La procédure est tout à fait compréhensible pour les familles mais elle est loin d’être évidente pour pouvoir prouver le lien de causalité entre Tik Tok et le geste suicidaire, pour le dire autrement, le collectif doit établir que sans les effets délétères de la plateforme, les deux les jeunes filles ne donneraient pas suite à leurs actes. Ce n’est pas une mince affaire.

Le collectif peut au moins s’appuyer sur un certain nombre de faits, notamment des études qui prouvent la dangerosité du confinement algorithmique. En 2022, le Centre américain de lutte contre la haine en ligne a publié un rapport historique.

Les chercheurs ont ouvert de faux profils de jeunes de 13 ans dans plusieurs territoires (en Amérique du Nord, en Australie et au Royaume-Uni). Les profils présentant des vulnérabilités, notamment des troubles alimentaires, mobilisaient ces comptes en likant des vidéos au contenu négatif ou anxiogène, et quelques minutes plus tard seulement, l’algorithme recommandait des vidéos liées au suicide.

Quelle réaction de Tik Tok ?

La plateforme a dénoncé la méthodologie de cette expérimentation, et assure depuis faire tout son possible pour modérer les contenus problématiques. Reconnaissons que la vigilance a quelque peu progressé, par exemple j’ai tapé hier suicide dans le moteur de recherche Tik Tok et je suis immédiatement tombé sur un message de prévention.
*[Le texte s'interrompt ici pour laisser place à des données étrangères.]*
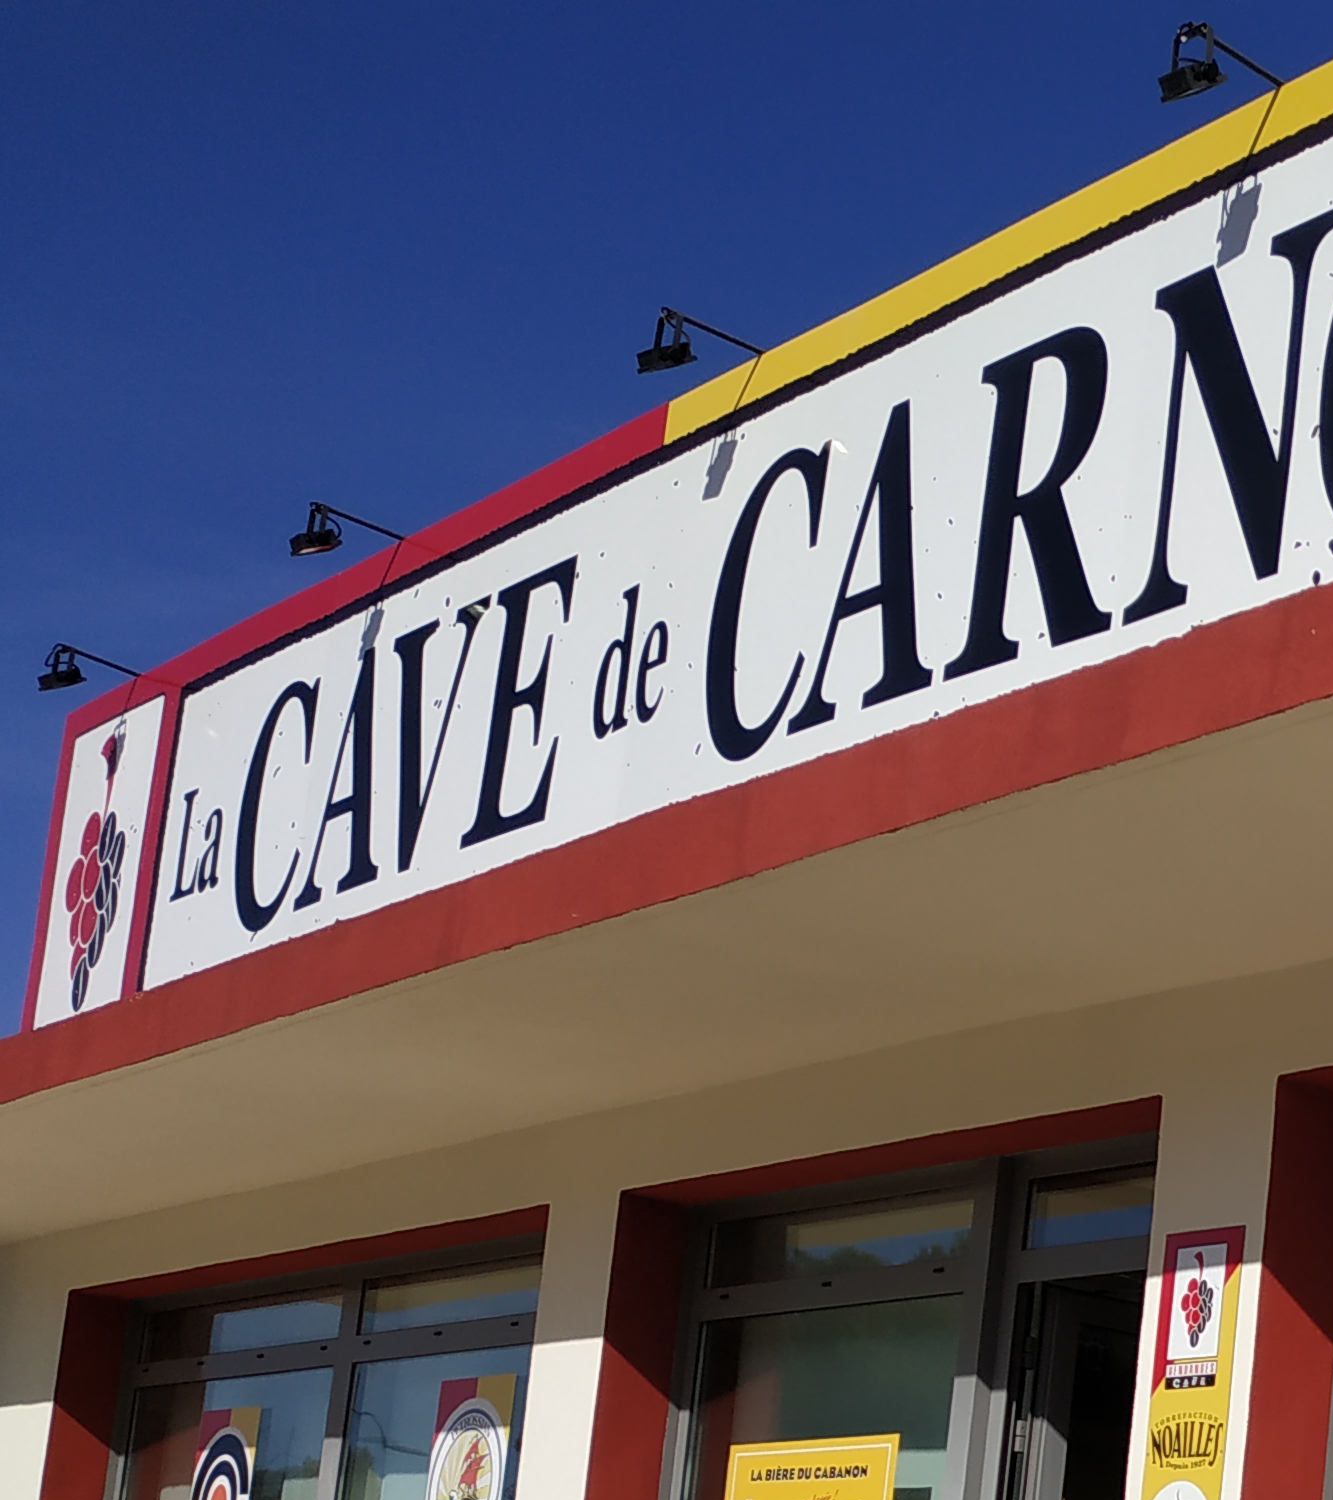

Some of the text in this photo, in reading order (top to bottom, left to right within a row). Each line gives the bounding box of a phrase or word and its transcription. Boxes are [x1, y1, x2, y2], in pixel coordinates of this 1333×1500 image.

Les plateformes oscillent entre une volonté de censurer certains propos et la conviction que la liberté d’expression sur ces sujets peut aussi aider les utilisateurs en détresse. Ce qui est sûr, c’est qu’ils sont loin de remplir toutes leurs obligations, notamment celle du DSA, le règlement européen entré en vigueur en août dernier. Du respect de l’âge minimum pour ouvrir un compte aux obligations de transparence algorithmique, en passant par l’efficacité des systèmes de modération. Il reste encore un long chemin à parcourir pour assainir l’écosystème.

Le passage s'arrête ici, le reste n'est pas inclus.